Définir le temps? Une gageure. Et pourtant, c'est ce qu'ont tenté de faire une dizaine de chercheurs réunis sous la direction d'
Isabelle Serça, provenant de domaines aussi divers que la linguistique, la physique, la psychanalyse, les mathématiques ou les neurosciences. Dans une approche inter-disciplinaire féconde, s'appuyant sur l'oeuvre de
Proust, ils ont tous collaboré à un dictionnaire original mariant l'anecdote à l'analyse érudite qui, s'il m'a parfois ennuyée, m'a le plus souvent captivée. Si j'ai quelquefois regretté que les contributions des uns soient un peu superficielles, voire anecdotiques quand d'autres au contraire ne semblaient s'adresser qu'à un public d'experts, j'ai profondément apprécié une chose : À la recherche du temps perdu est véritablement au coeur du projet. Comme le résume
Isabelle Serça dans l'avant-propos : « Il s'agit de voir en quoi
Proust peut nous aider, aujourd'hui, à penser le temps. »
En effet, qui mieux que
Proust pour « appréhender le temps dans tous ses déploiements, ses étirements et ses repliements, ses ralentissements et ses battements, ses strates et ses dépôts »? Qui mieux que
Proust pour nous aider à cerner un concept aussi trompeur qu'insaisissable?

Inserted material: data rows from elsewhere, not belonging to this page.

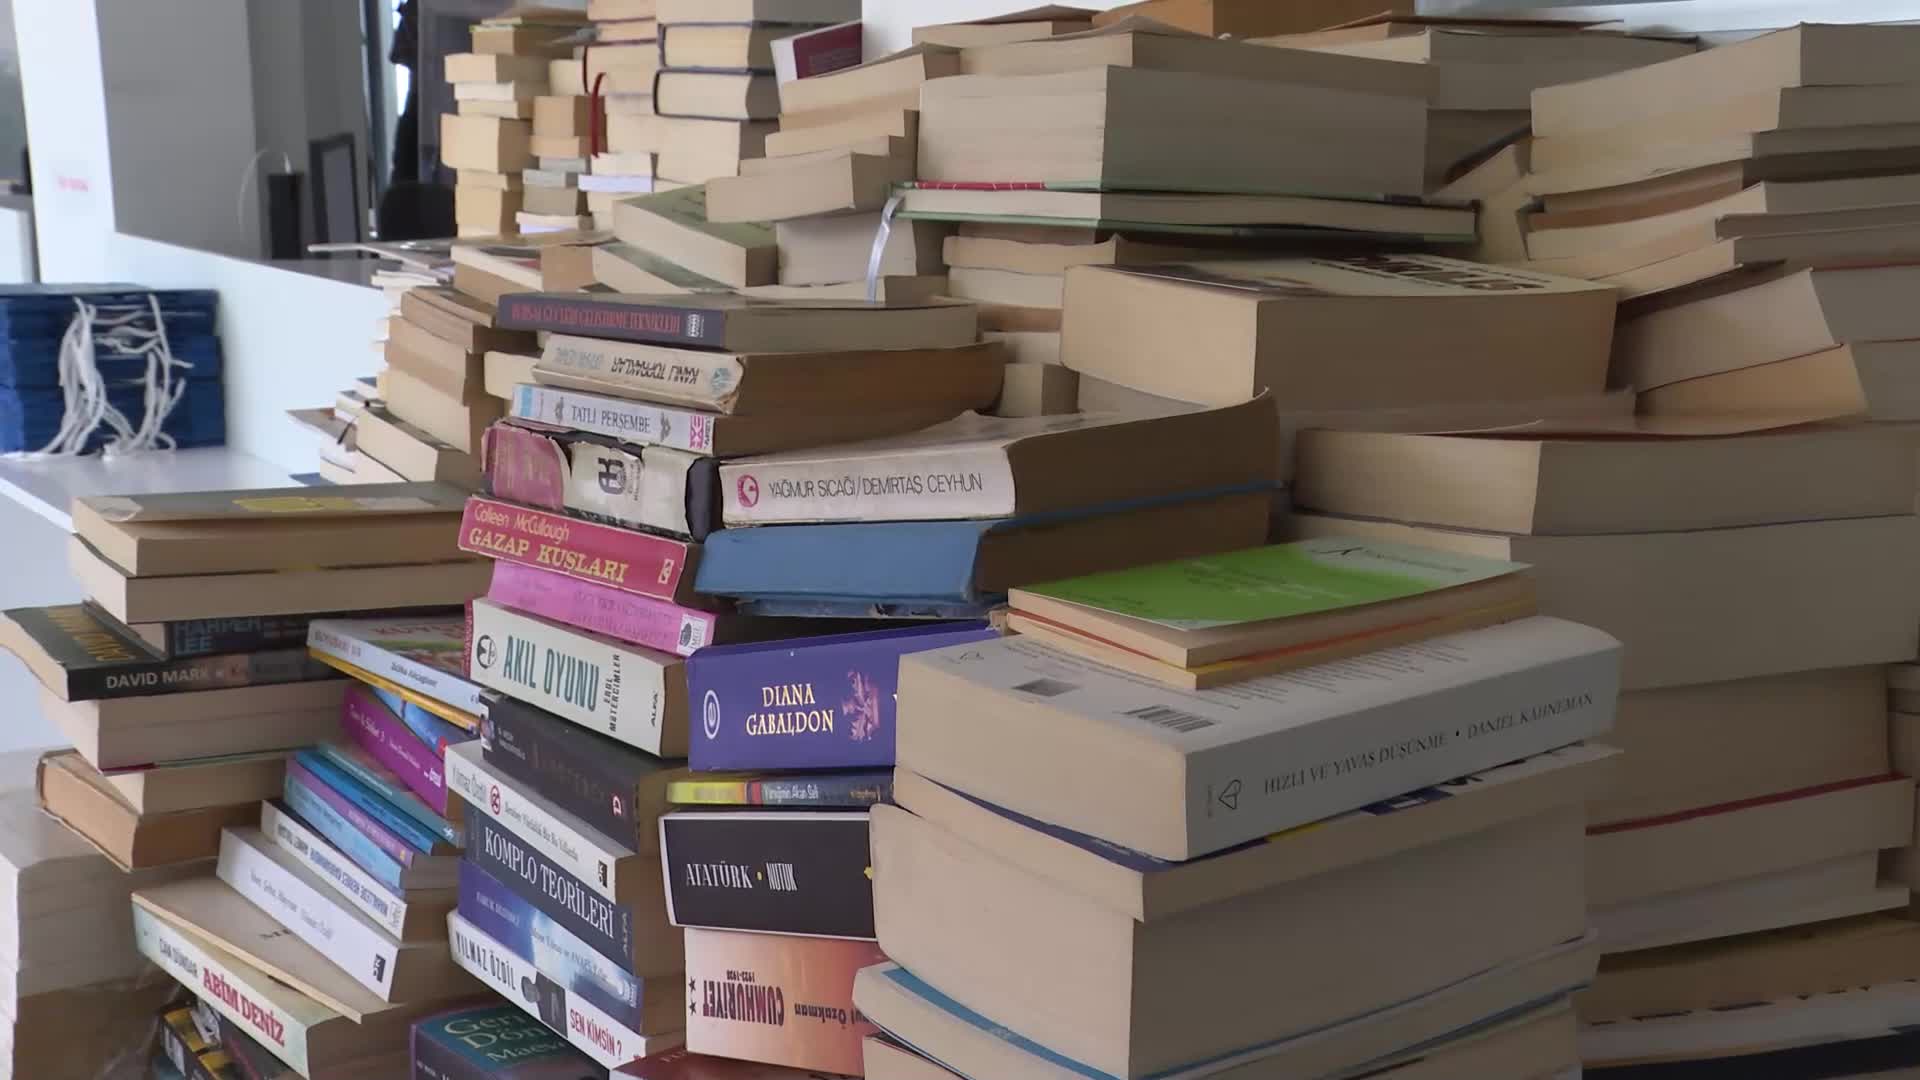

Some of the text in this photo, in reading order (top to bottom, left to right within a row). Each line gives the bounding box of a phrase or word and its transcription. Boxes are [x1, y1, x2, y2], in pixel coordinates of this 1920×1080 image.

[570, 405, 651, 434] TATLI PERŞEMBE
[769, 478, 816, 498] YAĞMUR
[926, 472, 983, 494] CEYHUN
[474, 503, 570, 545] Colleen McCullough
[468, 527, 529, 557] GAZAP
[105, 668, 210, 689] DAVID MARK
[503, 635, 537, 689] AKIL
[543, 648, 600, 713] OYUNU
[650, 692, 658, 727] ALFA
[762, 683, 816, 708] DIANA
[745, 709, 835, 737] GABALDON
[1264, 771, 1305, 795] HIZLI
[1309, 764, 1328, 784] VE
[1467, 711, 1514, 739] DANIEL
[1519, 692, 1593, 725] KAHNEMAN
[484, 825, 537, 885] KOMPLO
[539, 864, 615, 939] TEORİLERİ
[686, 860, 798, 892] ATATÜRK NUTUK
[455, 931, 487, 972] YILMAZ
[489, 950, 516, 992] ÖZDİL
[203, 967, 285, 1048] ABİM DENİZ
[703, 980, 784, 1027] CUMHURİYET
[794, 1003, 847, 1029] Özakman
[570, 1008, 585, 1033] SEN
[585, 1018, 615, 1057] KİMSİN

Qu'on se rassure, je ne vais pas me lancer dans une présentation fastidieuse des quarante entrées qui, d'Anachronisme à Zeitlos en passant par Intermittences ou Pelote de laine constituent cet ouvrage. Je ne vais pas non plus m'efforcer d'en faire un résumé car résumer un dictionnaire me semble une idée aussi absurde que décourageante.
Je vais plutôt tenter, en m'appuyant sur deux articles seulement (Parenthèse et Réminiscence), de tirer un fil qui, je l'espère, pourra servir de guide à tous ceux qui, ne l'ayant pas encore lue, souhaitent entrer dans l'oeuvre foisonnante, parfois déconcertante, grandement stimulante de
Marcel Proust.
Tout le monde sait, même ceux qui n'ont pas lu la Recherche, que la « parenthèse » est un trait saillant du style de
Proust. Ses longues, parfois très longues phrases sont précisément ce qui en rebute plus d'un. Qui ne s'est pas déjà perdu dans les méandres de ses phrases interminables? Qui n'a pas ressenti un indéniable agacement quand, quittant momentanément, croit-il, le fil narratif pour une digression qui, croit-il toujours, devrait occuper quelques lignes, constate qu'elle occupe en réalité plusieurs pages?

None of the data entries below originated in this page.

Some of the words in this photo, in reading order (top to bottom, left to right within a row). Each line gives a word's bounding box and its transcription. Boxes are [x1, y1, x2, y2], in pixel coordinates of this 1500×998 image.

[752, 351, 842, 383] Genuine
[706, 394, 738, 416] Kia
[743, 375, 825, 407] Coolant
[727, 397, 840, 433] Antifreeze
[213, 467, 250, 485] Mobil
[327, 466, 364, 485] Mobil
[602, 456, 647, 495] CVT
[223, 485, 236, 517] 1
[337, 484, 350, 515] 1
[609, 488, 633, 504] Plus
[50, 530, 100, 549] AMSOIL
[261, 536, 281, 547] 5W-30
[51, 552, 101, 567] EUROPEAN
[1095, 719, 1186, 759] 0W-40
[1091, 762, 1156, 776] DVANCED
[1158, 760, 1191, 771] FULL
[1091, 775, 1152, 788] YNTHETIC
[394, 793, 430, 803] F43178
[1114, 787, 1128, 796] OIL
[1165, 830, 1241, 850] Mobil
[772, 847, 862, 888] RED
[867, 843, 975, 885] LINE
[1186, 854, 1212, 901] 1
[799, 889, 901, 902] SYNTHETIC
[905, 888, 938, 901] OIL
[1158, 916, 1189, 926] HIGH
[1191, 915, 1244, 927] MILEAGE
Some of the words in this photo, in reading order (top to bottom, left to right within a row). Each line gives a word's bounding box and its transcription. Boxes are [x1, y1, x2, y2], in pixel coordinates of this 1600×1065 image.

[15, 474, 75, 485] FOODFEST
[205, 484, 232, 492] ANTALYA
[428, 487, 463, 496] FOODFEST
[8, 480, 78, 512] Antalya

« Je suis bien obligé de tisser ces longues soies comme je les file, et si j'abrégeais mes phrases cela ferait des petits morceaux de phrases, pas des phrases. »
(Lettre de
Proust à
Robert Dreyfus, 1905)
Ce « bien obligé » n'est pas une posture.
Proust ne peut tout simplement pas faire autrement. C'est de cette façon que se déploie sa pensée, en gonflant comme une pâte, en s'amplifiant indéfiniment plutôt qu'en retranchant. Non seulement la phrase proustienne, d' « ajoutage » en « ajoutage », de relecture en relecture, mais également toute l'oeuvre se constituent selon ce mouvement.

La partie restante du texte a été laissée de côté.